Exmos. Leitores do Diário Universal,

Existe uma pequena correcção a ser feita no Inquérito que esteve activo até este momento. Uma discripancia histórica estava a induzir em erro e mal informar os nossos estimados leitores. Um dos nossos visitantes, o Exmo. João Pedro Francisco, de Coimbra, detectou a falha e enviou o seguinte e-mail:

Boa noite:

Escrevo este mail na sequência de ter lido as opções da última sondagem do seu site “Quem foi o primeiro Imperador de Roma?”.

De acordo com o que aprendi, o título “Imperador” refere-se a um cargo das chefias militares. Contudo, é comum confundir-se o título de Imperador e de Príncipe. Com efeito, o “Principado” é o regime político em que o “Príncipe” – assim chamado por ser o primeiro entre os cidadãos – detém amplos poderes governativos.

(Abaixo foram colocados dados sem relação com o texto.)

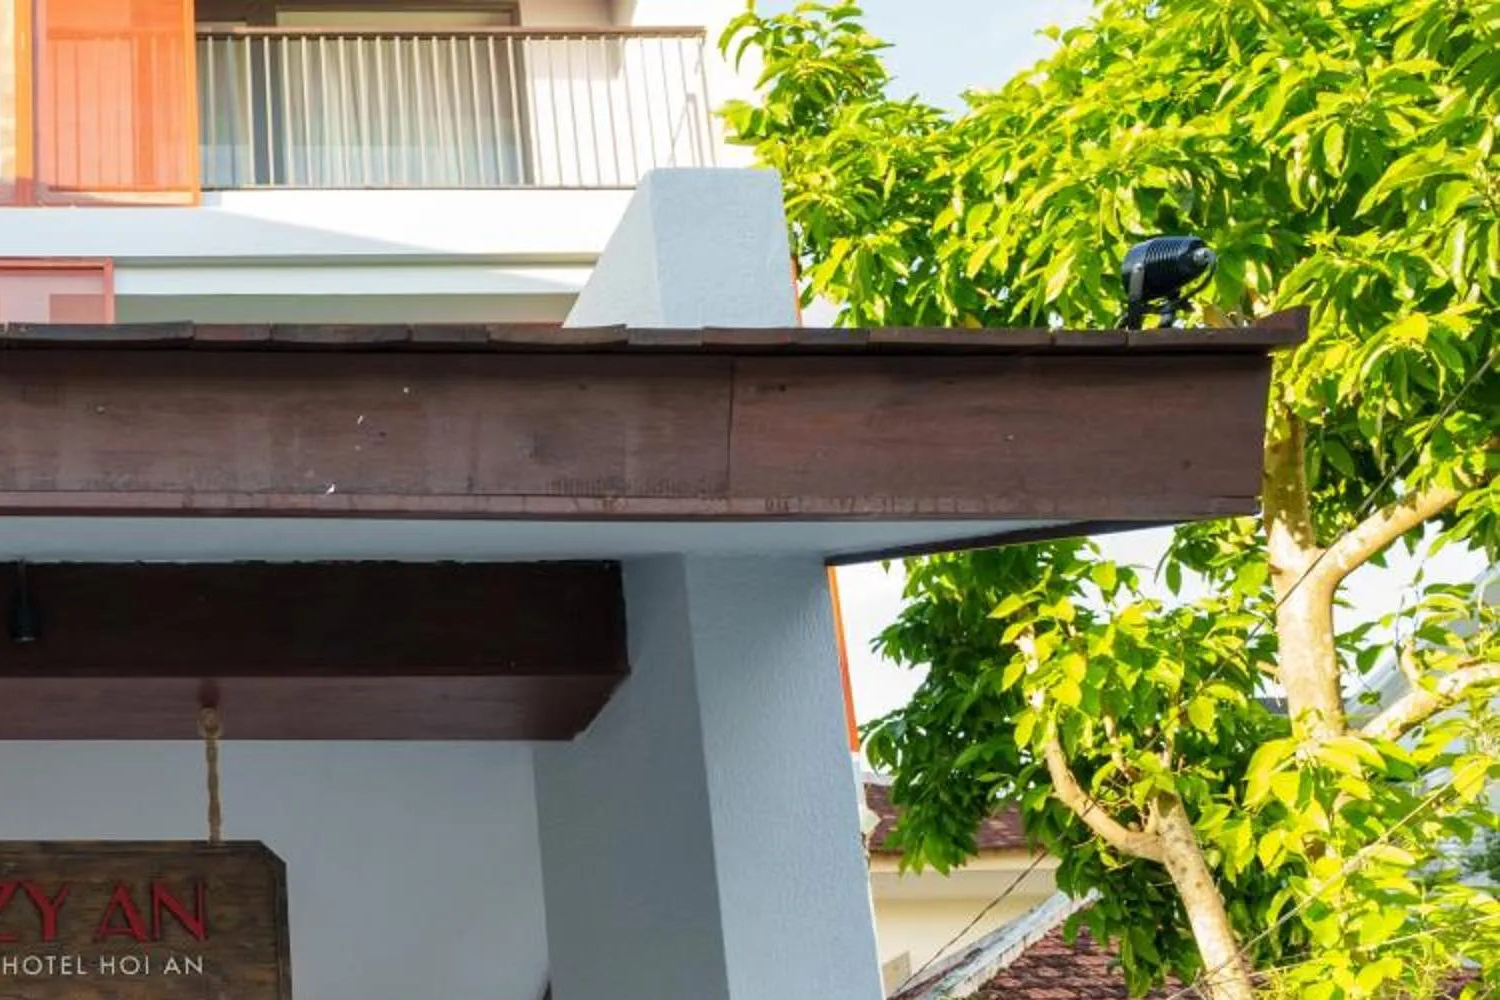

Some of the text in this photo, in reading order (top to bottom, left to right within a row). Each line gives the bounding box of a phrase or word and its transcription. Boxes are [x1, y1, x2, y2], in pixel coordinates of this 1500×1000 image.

Caio Júlio César auto proclamou-se “Ditador Vitalício”: uma primeira tentativa de concentração de poder. E, por isso, foi morto no Senado. Contudo, só “A partir de Augusto, o príncipe é o primeiro dos senadores dotado do “imperium” [penso que falta aqui uma vírgula que não consta no livro original] do poder consular, do tribunício e do pontificado máximo” – Borges, Emília Salvado et all – História 10, 1º Volume.
De facto, “Na origem, “imperator” designa o general-chefe aclamado pelos soldados, que nele saúdam o poder divinal gerador de vitória.” – P. Grimal.

Portanto, das 3 respostas apresentadas – Júlio César, Nero e Tibério – nenhuma está correcta.
Penso que a resposta que o autor pretende será “Júlio César”. Contudo, como já referi, este não terá sido Imperador (foi chefe militar e, por isso imperador, mas sem a componente política do principado), mas sim Ditador Vitalício.
O primeiro Imperador foi, de facto, Octávio César Augusto – Octávio (nome da pessoa), César (filho de Júlio César) e Augusto (cargo religioso de pontífice máximo).

Desde já agradeço a sua participação e o envio deste e-mail, bem como a sua atenção ao Diário Universal.